» WHAT IS NEEDED:
When you repeat the entries below, keep each word exactly as it is and drop the pictures.

──────── EXERCISE MATERIALS

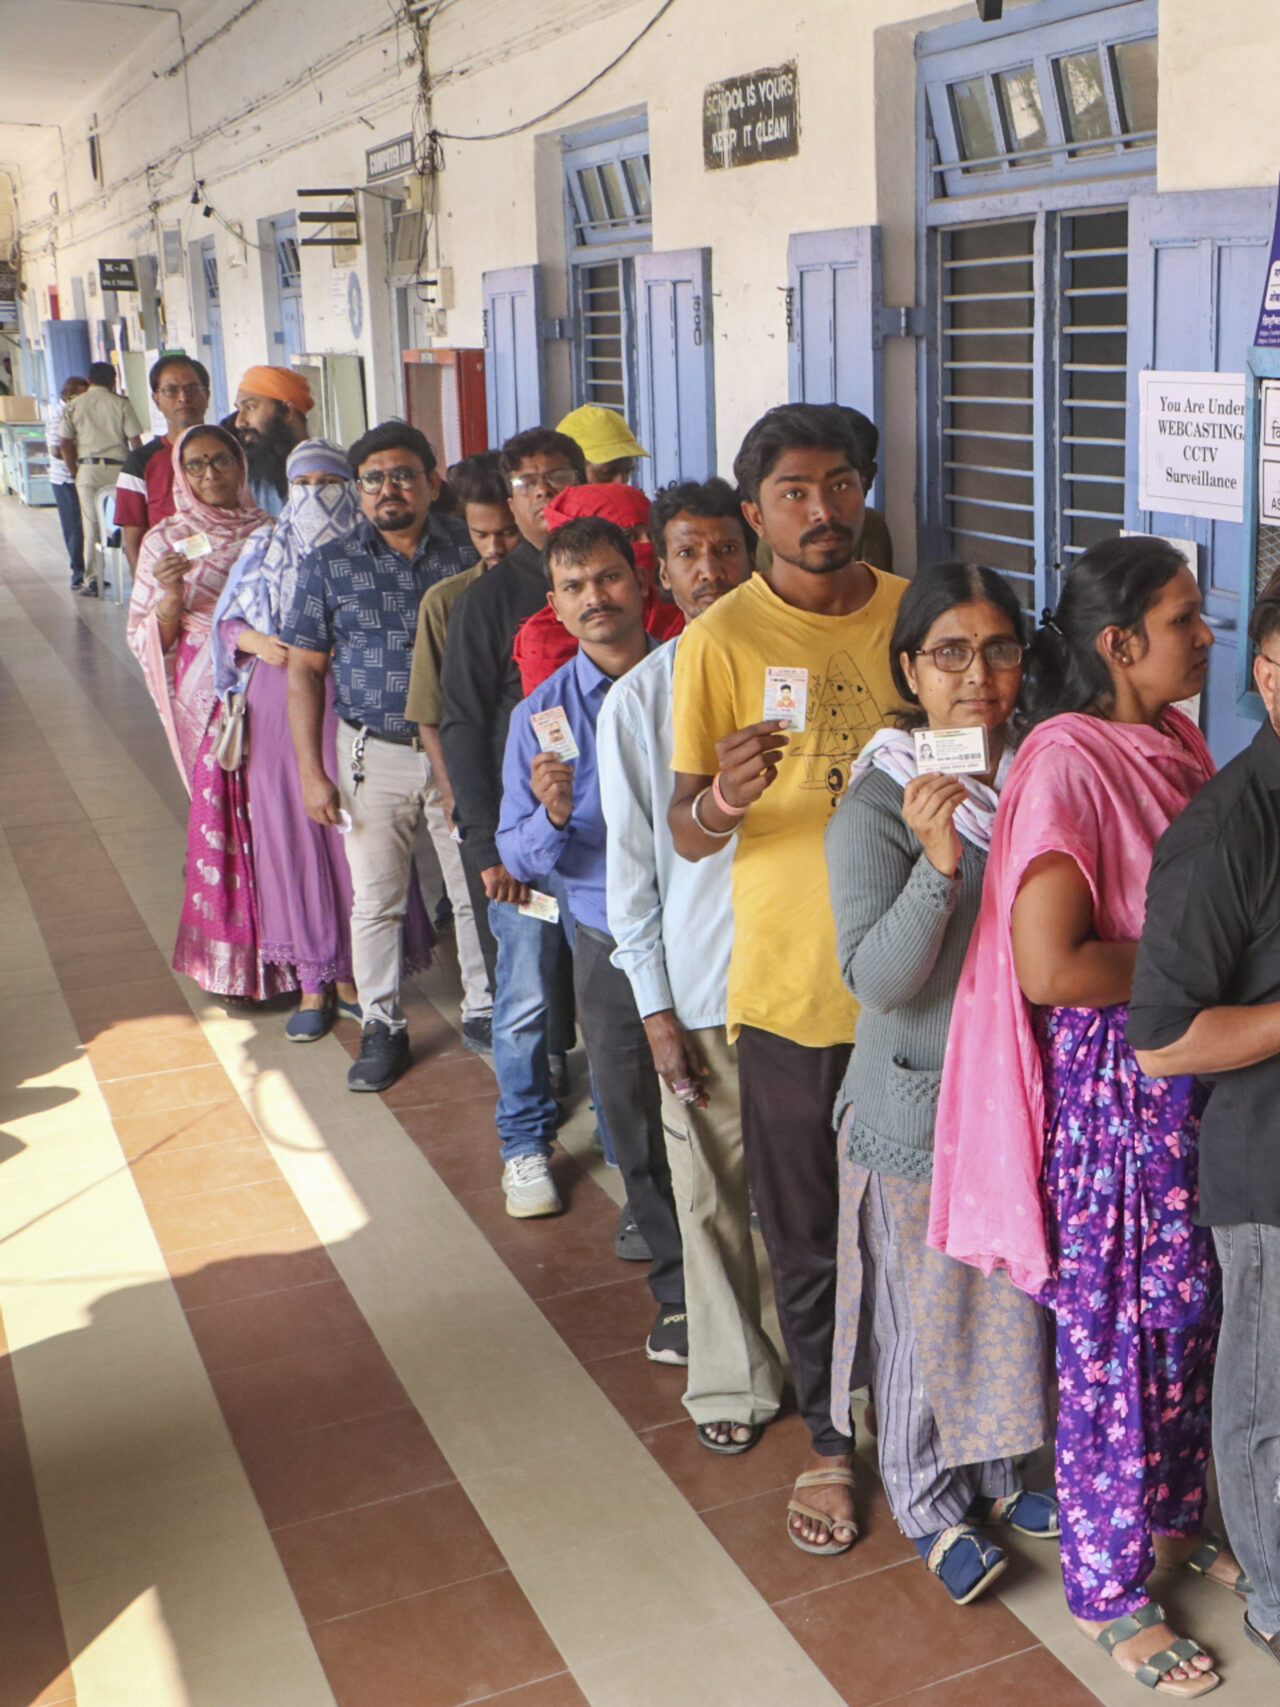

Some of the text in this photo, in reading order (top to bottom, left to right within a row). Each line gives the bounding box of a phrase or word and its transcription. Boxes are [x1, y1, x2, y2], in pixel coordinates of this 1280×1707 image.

[746, 84, 756, 106] IS
[758, 73, 793, 104] YOURS
[743, 124, 752, 147] IT
[756, 116, 788, 143] CLEAN
[1160, 396, 1245, 416] You Are Under
[1183, 445, 1218, 463] CCTV
[1166, 467, 1237, 489] Surveillance
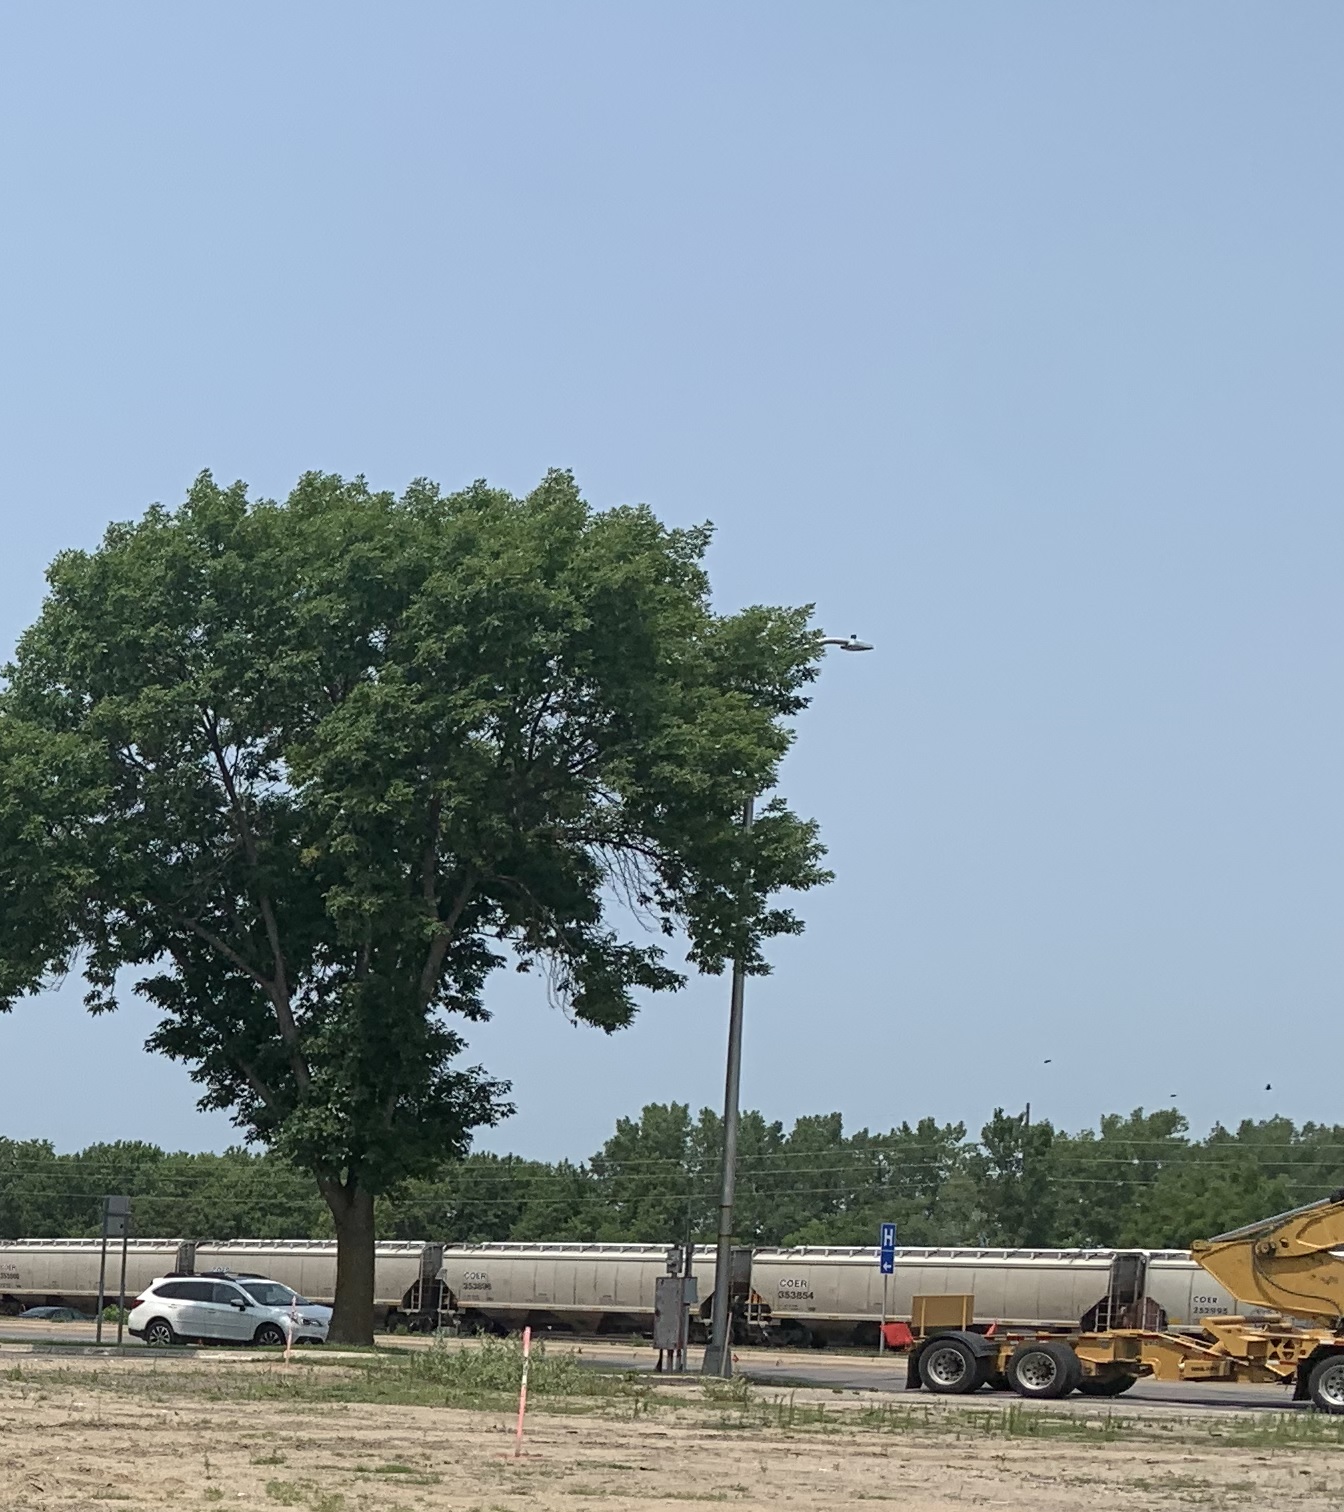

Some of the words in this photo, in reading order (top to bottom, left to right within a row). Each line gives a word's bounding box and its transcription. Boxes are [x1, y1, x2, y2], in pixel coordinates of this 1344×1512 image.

────────────────

» RESPONSE AREA:
Some of the text in this photo, in reading order (top to bottom, left to right within a row). Each line gives the bounding box of a phrase or word and its transcription. Boxes are [x1, y1, x2, y2], in pixel coordinates of this 1280×1707 image.

[746, 84, 756, 106] IS
[758, 73, 793, 104] YOURS
[743, 124, 752, 147] IT
[756, 116, 788, 143] CLEAN
[1160, 396, 1245, 416] You Are Under
[1183, 445, 1218, 463] CCTV
[1166, 467, 1237, 489] Surveillance

Some of the words in this photo, in reading order (top to bottom, left to right within a row). Each line gives a word's bounding box and its transcription. Boxes are [x1, y1, x2, y2], in pixel coordinates of this 1344×1512 image.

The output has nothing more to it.